INFORMATION PROVIDED section start

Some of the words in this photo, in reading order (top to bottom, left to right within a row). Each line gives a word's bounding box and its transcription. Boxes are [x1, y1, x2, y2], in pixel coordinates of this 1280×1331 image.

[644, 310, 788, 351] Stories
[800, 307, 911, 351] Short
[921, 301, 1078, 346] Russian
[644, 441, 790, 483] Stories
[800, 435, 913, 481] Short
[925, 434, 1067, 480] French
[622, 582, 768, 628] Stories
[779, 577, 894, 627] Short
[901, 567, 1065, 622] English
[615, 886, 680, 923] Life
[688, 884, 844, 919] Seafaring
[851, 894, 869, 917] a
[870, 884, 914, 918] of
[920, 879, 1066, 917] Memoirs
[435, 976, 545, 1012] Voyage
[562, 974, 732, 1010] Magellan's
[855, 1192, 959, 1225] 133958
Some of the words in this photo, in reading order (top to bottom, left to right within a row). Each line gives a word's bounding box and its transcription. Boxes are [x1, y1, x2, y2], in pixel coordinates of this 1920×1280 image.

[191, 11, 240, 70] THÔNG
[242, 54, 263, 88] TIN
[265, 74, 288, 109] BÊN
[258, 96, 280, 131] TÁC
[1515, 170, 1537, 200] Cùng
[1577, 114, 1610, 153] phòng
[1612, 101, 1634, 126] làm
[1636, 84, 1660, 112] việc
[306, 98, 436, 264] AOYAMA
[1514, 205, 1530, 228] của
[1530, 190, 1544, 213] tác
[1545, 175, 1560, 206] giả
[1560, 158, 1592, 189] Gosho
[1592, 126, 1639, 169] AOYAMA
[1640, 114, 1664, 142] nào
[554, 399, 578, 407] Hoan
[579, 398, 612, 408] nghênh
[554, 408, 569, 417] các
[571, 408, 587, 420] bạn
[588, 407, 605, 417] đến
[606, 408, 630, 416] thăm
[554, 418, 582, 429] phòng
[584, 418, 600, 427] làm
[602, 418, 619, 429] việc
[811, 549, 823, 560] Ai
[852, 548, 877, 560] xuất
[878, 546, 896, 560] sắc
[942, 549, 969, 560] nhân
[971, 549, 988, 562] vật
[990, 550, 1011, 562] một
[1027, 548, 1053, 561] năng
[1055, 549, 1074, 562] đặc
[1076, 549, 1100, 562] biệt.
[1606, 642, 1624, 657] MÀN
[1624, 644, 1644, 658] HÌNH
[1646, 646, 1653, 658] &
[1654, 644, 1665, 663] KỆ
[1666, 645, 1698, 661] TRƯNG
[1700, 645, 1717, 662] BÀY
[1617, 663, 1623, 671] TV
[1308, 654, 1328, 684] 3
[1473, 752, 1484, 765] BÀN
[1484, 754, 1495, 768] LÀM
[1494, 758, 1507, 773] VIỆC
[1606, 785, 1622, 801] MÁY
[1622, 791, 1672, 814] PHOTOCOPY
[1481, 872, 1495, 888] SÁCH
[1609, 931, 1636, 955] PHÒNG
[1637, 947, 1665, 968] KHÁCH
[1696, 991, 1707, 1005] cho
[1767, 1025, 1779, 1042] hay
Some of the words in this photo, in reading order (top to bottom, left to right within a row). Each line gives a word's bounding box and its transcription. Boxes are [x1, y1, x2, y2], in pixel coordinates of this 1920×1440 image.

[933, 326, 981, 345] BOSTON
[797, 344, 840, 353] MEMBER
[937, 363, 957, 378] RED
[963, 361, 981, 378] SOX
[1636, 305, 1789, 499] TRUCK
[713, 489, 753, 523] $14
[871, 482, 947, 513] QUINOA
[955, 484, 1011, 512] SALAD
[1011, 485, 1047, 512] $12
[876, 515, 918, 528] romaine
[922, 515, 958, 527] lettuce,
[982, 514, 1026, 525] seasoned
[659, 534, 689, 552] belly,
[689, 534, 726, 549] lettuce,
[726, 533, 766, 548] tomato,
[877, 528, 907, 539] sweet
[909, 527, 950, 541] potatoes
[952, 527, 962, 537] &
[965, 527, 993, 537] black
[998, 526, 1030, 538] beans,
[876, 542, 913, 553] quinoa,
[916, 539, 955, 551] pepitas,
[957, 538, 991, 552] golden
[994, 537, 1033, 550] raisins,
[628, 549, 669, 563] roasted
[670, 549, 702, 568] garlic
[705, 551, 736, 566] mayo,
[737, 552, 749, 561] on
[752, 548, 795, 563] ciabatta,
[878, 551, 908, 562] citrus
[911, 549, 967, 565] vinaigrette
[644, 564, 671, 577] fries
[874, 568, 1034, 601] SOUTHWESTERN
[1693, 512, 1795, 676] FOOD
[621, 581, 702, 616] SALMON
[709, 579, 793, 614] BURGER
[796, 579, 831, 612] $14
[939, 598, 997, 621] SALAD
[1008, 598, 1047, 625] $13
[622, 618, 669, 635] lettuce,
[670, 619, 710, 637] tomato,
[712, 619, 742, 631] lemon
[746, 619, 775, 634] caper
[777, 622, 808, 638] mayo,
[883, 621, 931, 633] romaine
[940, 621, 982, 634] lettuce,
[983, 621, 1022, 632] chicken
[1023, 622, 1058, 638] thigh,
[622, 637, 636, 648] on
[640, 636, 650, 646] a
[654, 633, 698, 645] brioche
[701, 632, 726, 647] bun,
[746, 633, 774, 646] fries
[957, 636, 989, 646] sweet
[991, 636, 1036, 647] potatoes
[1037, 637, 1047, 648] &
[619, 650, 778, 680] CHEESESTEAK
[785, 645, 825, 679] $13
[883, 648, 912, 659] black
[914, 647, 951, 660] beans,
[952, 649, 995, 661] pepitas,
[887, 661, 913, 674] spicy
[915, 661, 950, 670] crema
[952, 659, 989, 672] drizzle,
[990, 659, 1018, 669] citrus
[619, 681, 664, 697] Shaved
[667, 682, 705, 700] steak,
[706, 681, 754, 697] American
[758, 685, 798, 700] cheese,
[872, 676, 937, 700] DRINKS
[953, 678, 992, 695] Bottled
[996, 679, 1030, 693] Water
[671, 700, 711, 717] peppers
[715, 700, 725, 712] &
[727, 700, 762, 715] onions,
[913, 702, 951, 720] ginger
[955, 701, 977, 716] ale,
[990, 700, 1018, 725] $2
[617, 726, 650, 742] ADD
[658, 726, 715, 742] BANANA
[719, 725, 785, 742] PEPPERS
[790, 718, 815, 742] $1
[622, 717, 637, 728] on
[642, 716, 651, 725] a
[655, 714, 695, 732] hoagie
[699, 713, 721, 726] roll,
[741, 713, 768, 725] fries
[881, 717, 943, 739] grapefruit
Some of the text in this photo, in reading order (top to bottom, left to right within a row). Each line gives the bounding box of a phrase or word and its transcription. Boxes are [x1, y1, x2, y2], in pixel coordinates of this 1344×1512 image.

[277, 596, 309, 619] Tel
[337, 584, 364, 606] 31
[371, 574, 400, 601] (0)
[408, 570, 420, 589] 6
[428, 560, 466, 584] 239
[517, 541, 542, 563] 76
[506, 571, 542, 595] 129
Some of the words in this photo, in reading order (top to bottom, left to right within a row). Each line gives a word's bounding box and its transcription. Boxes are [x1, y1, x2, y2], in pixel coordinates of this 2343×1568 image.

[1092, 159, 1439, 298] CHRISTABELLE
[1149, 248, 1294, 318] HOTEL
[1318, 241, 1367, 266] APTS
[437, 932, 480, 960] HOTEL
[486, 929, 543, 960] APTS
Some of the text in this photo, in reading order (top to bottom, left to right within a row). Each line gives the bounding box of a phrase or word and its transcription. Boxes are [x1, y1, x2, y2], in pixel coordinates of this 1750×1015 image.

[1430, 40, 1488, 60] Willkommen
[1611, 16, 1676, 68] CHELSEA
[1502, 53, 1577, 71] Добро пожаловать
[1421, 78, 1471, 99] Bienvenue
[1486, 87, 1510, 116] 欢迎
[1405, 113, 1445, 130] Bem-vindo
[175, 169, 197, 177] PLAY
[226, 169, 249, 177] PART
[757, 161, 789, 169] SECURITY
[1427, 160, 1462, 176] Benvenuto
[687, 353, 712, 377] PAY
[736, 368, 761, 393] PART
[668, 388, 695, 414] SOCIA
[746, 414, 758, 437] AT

INFORMATION PROVIDED section end

EXERCISE PROMPT | Make an exact copy of each line, beginning at the one containing "this 2343×1568 image." and ending with the last line of the data, and of no other line.

RESPONSE |
Some of the words in this photo, in reading order (top to bottom, left to right within a row). Each line gives a word's bounding box and its transcription. Boxes are [x1, y1, x2, y2], in pixel coordinates of this 2343×1568 image.

[1092, 159, 1439, 298] CHRISTABELLE
[1149, 248, 1294, 318] HOTEL
[1318, 241, 1367, 266] APTS
[437, 932, 480, 960] HOTEL
[486, 929, 543, 960] APTS
Some of the text in this photo, in reading order (top to bottom, left to right within a row). Each line gives the bounding box of a phrase or word and its transcription. Boxes are [x1, y1, x2, y2], in pixel coordinates of this 1750×1015 image.

[1430, 40, 1488, 60] Willkommen
[1611, 16, 1676, 68] CHELSEA
[1502, 53, 1577, 71] Добро пожаловать
[1421, 78, 1471, 99] Bienvenue
[1486, 87, 1510, 116] 欢迎
[1405, 113, 1445, 130] Bem-vindo
[175, 169, 197, 177] PLAY
[226, 169, 249, 177] PART
[757, 161, 789, 169] SECURITY
[1427, 160, 1462, 176] Benvenuto
[687, 353, 712, 377] PAY
[736, 368, 761, 393] PART
[668, 388, 695, 414] SOCIA
[746, 414, 758, 437] AT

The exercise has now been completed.